Records from a data source:

========================================================================

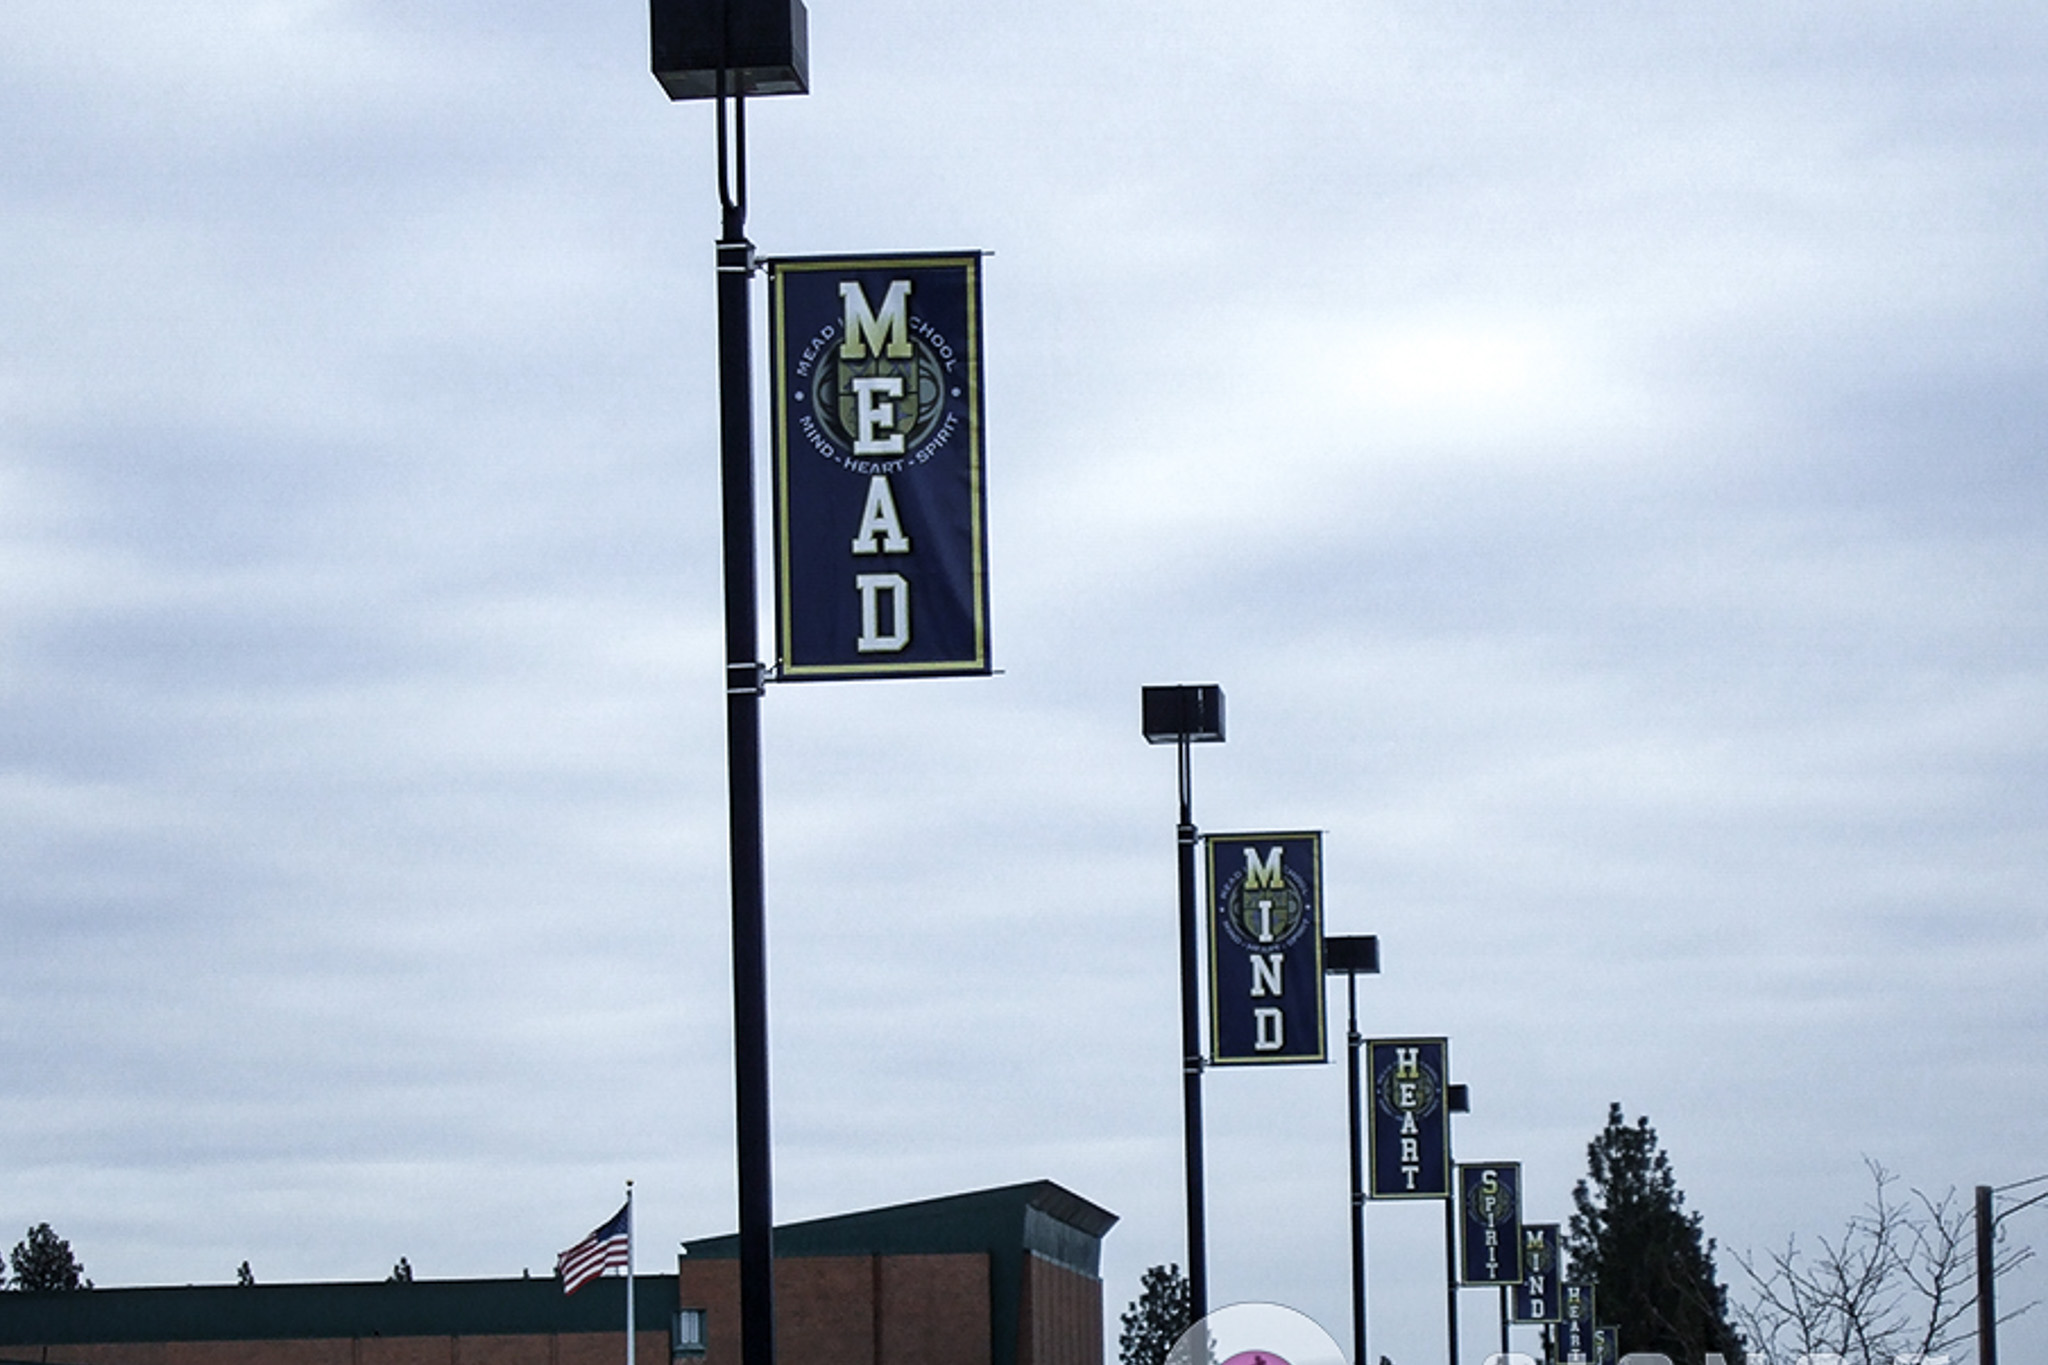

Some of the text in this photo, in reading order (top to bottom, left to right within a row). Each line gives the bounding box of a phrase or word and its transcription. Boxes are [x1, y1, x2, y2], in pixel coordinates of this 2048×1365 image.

[796, 315, 958, 377] MEAD CHOOL
[800, 412, 959, 475] MIND HEART SPIRIT
[838, 279, 913, 653] MEAD
[1243, 846, 1284, 1051] MIND
[1395, 1047, 1420, 1190] HEART
[1481, 1170, 1499, 1280] SPIRIT
[1526, 1230, 1545, 1319] MIND
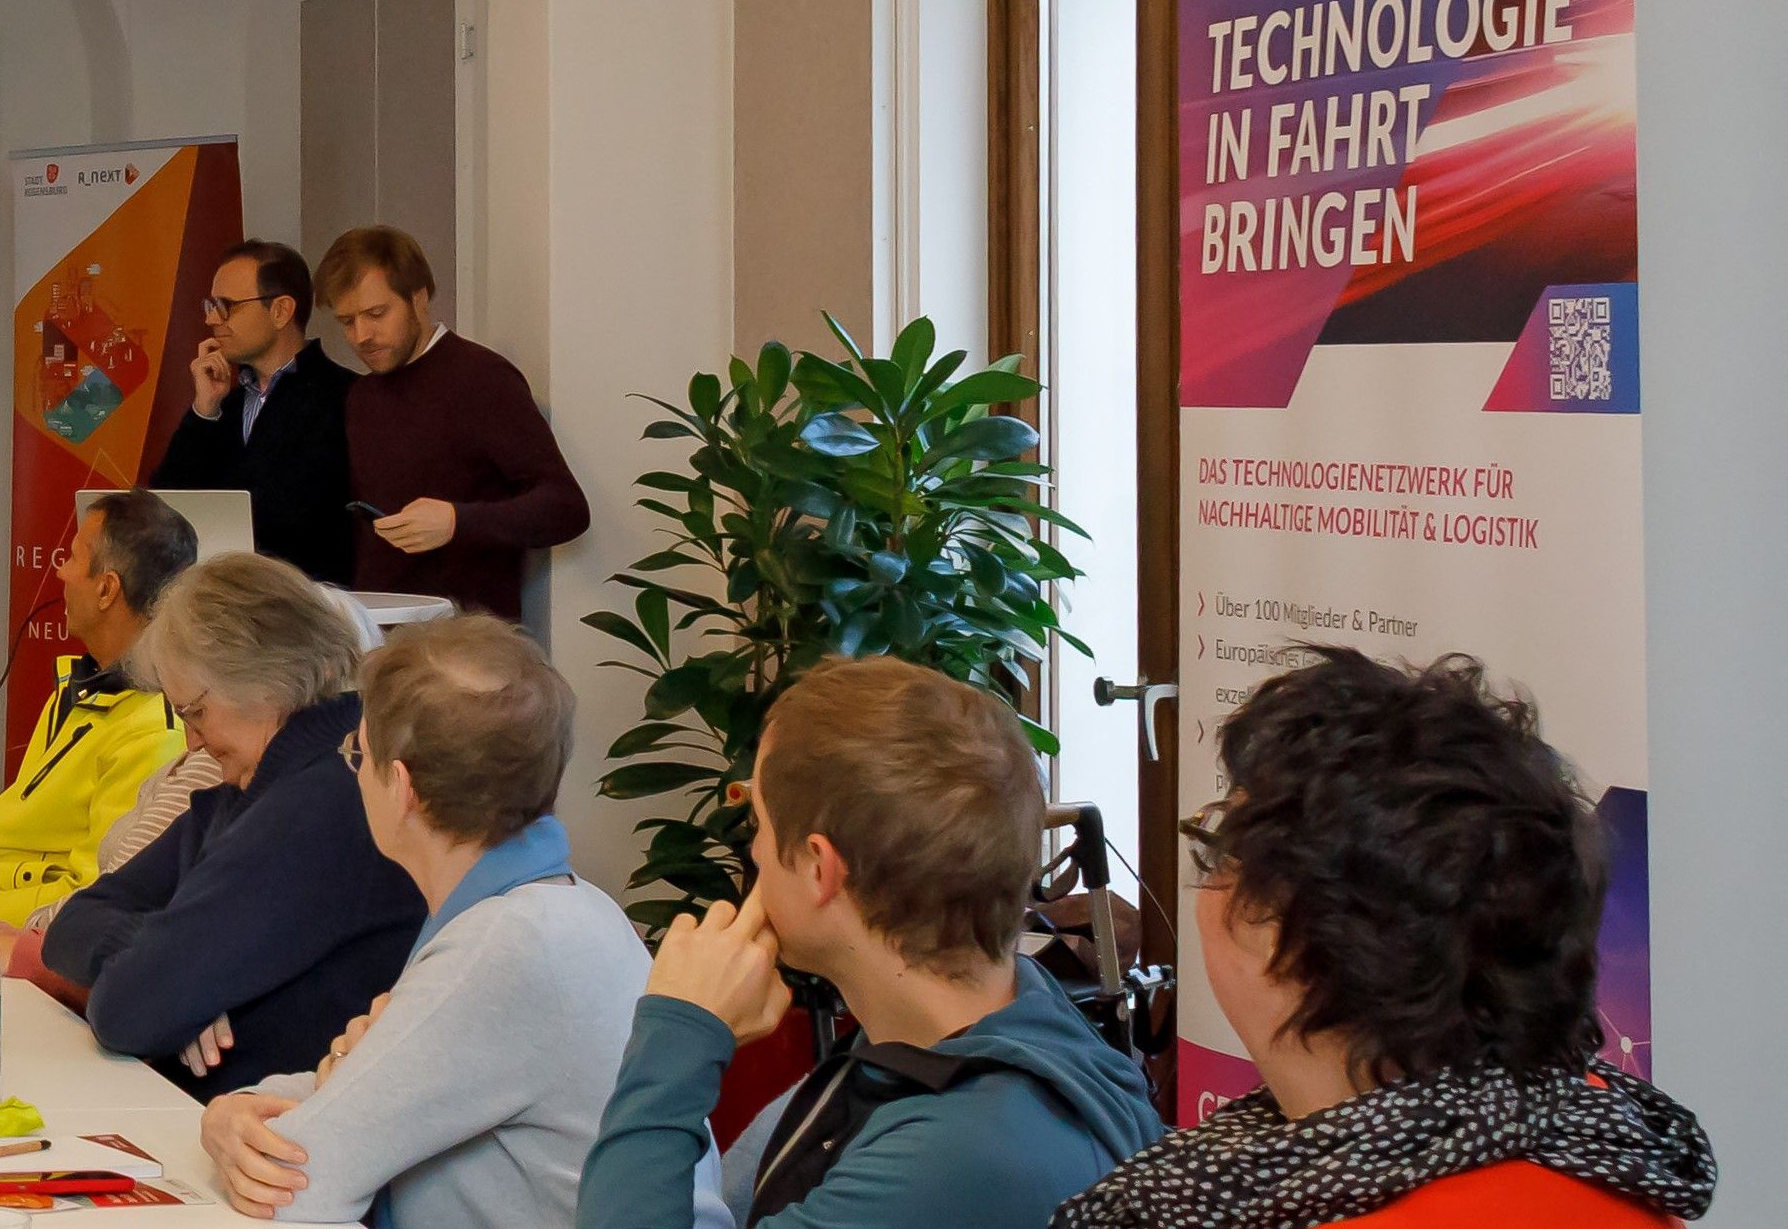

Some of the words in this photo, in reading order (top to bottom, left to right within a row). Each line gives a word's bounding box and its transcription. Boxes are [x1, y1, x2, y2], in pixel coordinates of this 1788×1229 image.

[1206, 108, 1251, 185] IN
[1267, 84, 1430, 178] FAHRT
[1201, 185, 1417, 274] BRINGEN
[1199, 458, 1228, 485] DAS
[1233, 459, 1467, 497] TECHNOLOGIENETZWERK
[1474, 462, 1514, 499] FÜR
[1199, 500, 1313, 533] NACHHALTIGE
[1318, 504, 1419, 540] MOBILITÄT
[1423, 513, 1437, 541] &
[1443, 514, 1539, 548] LOGISTIK
[1216, 592, 1249, 618] Über
[1255, 600, 1279, 621] 100
[1284, 603, 1347, 629] Mitglieder
[1352, 610, 1362, 630] &
[1369, 611, 1417, 637] Partner

========================================================================

=== Instructions to follow ===
Could you please write out the entries exactly as they are, with every picture left out?

=== The completed task ===
Some of the text in this photo, in reading order (top to bottom, left to right within a row). Each line gives the bounding box of a phrase or word and its transcription. Boxes are [x1, y1, x2, y2], in pixel coordinates of this 2048×1365 image.

[796, 315, 958, 377] MEAD CHOOL
[800, 412, 959, 475] MIND HEART SPIRIT
[838, 279, 913, 653] MEAD
[1243, 846, 1284, 1051] MIND
[1395, 1047, 1420, 1190] HEART
[1481, 1170, 1499, 1280] SPIRIT
[1526, 1230, 1545, 1319] MIND

Some of the words in this photo, in reading order (top to bottom, left to right within a row). Each line gives a word's bounding box and its transcription. Boxes are [x1, y1, x2, y2], in pixel coordinates of this 1788×1229 image.

[1206, 108, 1251, 185] IN
[1267, 84, 1430, 178] FAHRT
[1201, 185, 1417, 274] BRINGEN
[1199, 458, 1228, 485] DAS
[1233, 459, 1467, 497] TECHNOLOGIENETZWERK
[1474, 462, 1514, 499] FÜR
[1199, 500, 1313, 533] NACHHALTIGE
[1318, 504, 1419, 540] MOBILITÄT
[1423, 513, 1437, 541] &
[1443, 514, 1539, 548] LOGISTIK
[1216, 592, 1249, 618] Über
[1255, 600, 1279, 621] 100
[1284, 603, 1347, 629] Mitglieder
[1352, 610, 1362, 630] &
[1369, 611, 1417, 637] Partner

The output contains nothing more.